Alex Constantinou has won thousands gambling on the outcome of the Eurovision Song Contest. We asked him how…
1: The most important thing is research – and that involves viewing all 43 offerings from the participating nations, however painful that can be. Believe me, it can be excruciatingly painful.
2: Write down notes on each act and refer to betting markets. That way, I can easily cross off 10-or-so acts – for this year’s event I have already ruled out Slovenia, San Marino, Montenegro, Moldova, Albania, Georgia, Romania, Bosnia and Herzegovina, Finland and FYR Macedonia. Although the bookmakers can get it wrong – the bearded Conchita Wurst cost me a small fortune in 2014 because I was convinced the Austrian entry was a pub act.
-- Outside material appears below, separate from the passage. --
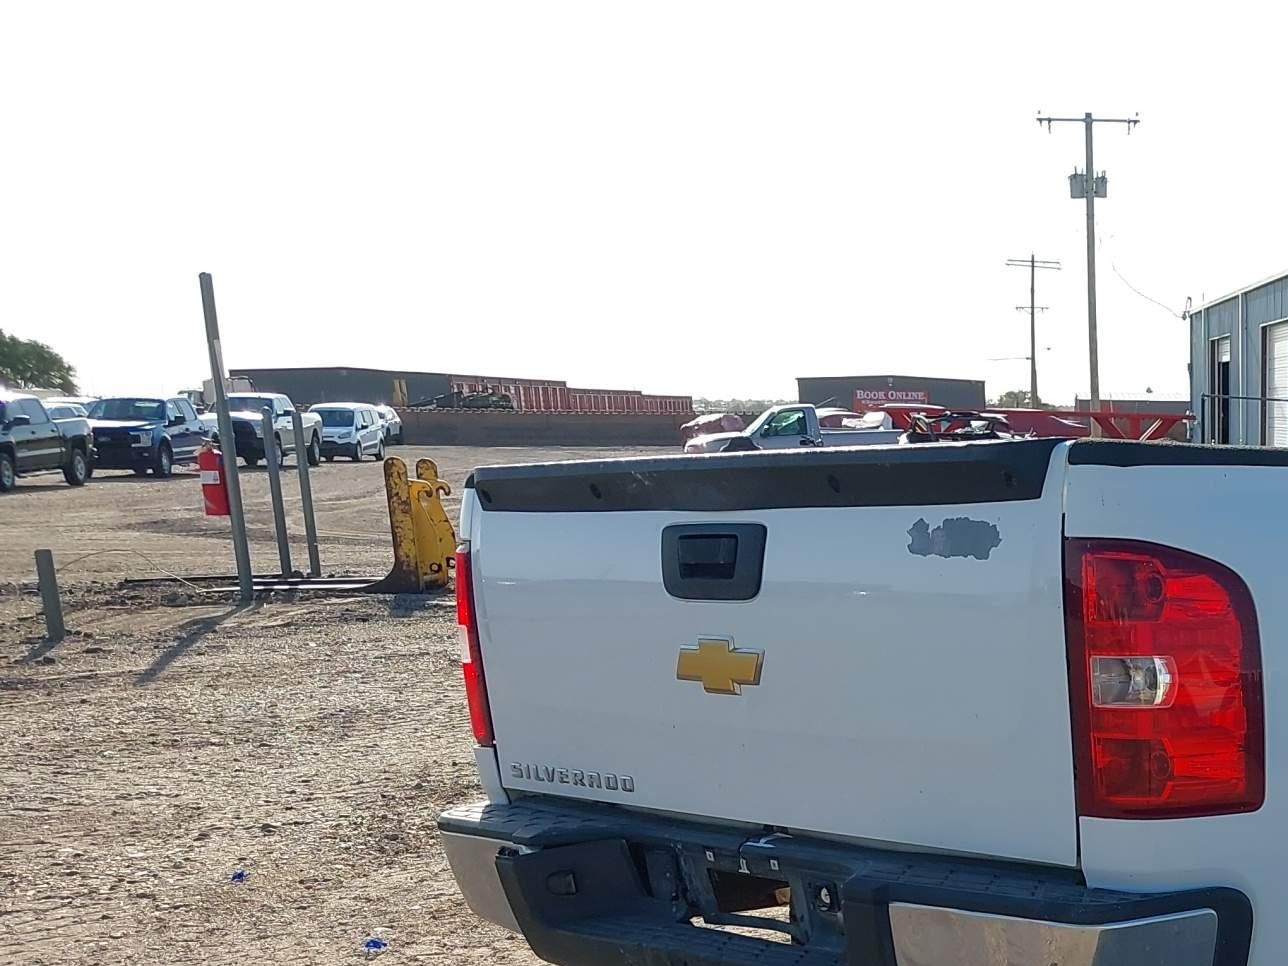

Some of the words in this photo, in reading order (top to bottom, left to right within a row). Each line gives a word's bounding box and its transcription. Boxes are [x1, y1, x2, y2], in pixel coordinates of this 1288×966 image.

3: Don’t back the Brits. It may be 13 years since Jemini scored nul points but our luck isn’t about to change. This year the United Kingdom entry is 50-1 and it should be 5,000-1. I actually quite like Joe and Jake’s, You’re Not Alone. The problem for them is that no one in Europe likes the UK.
4: I will then refer to historic data to see who has awarded points to whom, although the new voting system means this is not as important as it used to be. With twice as many points now being awarded – via a jury vote and then a televote – political or regional Bloc voting (for example, Greece and Cyprus traditionally giving high points to one another) is less of an influence on the final outcome, while there is a much lower chance of a nation finishing with nul points. Last year, Italy rather than Sweden would have won using just the telephone vote.
5: Running order on the big night is a major factor. Since 1993, the winner’s been one of the first ten to perform only once – in 2003, when Turkey’s entry was the fourth act out. More often than not, you will not see the winning act until the second half of the show.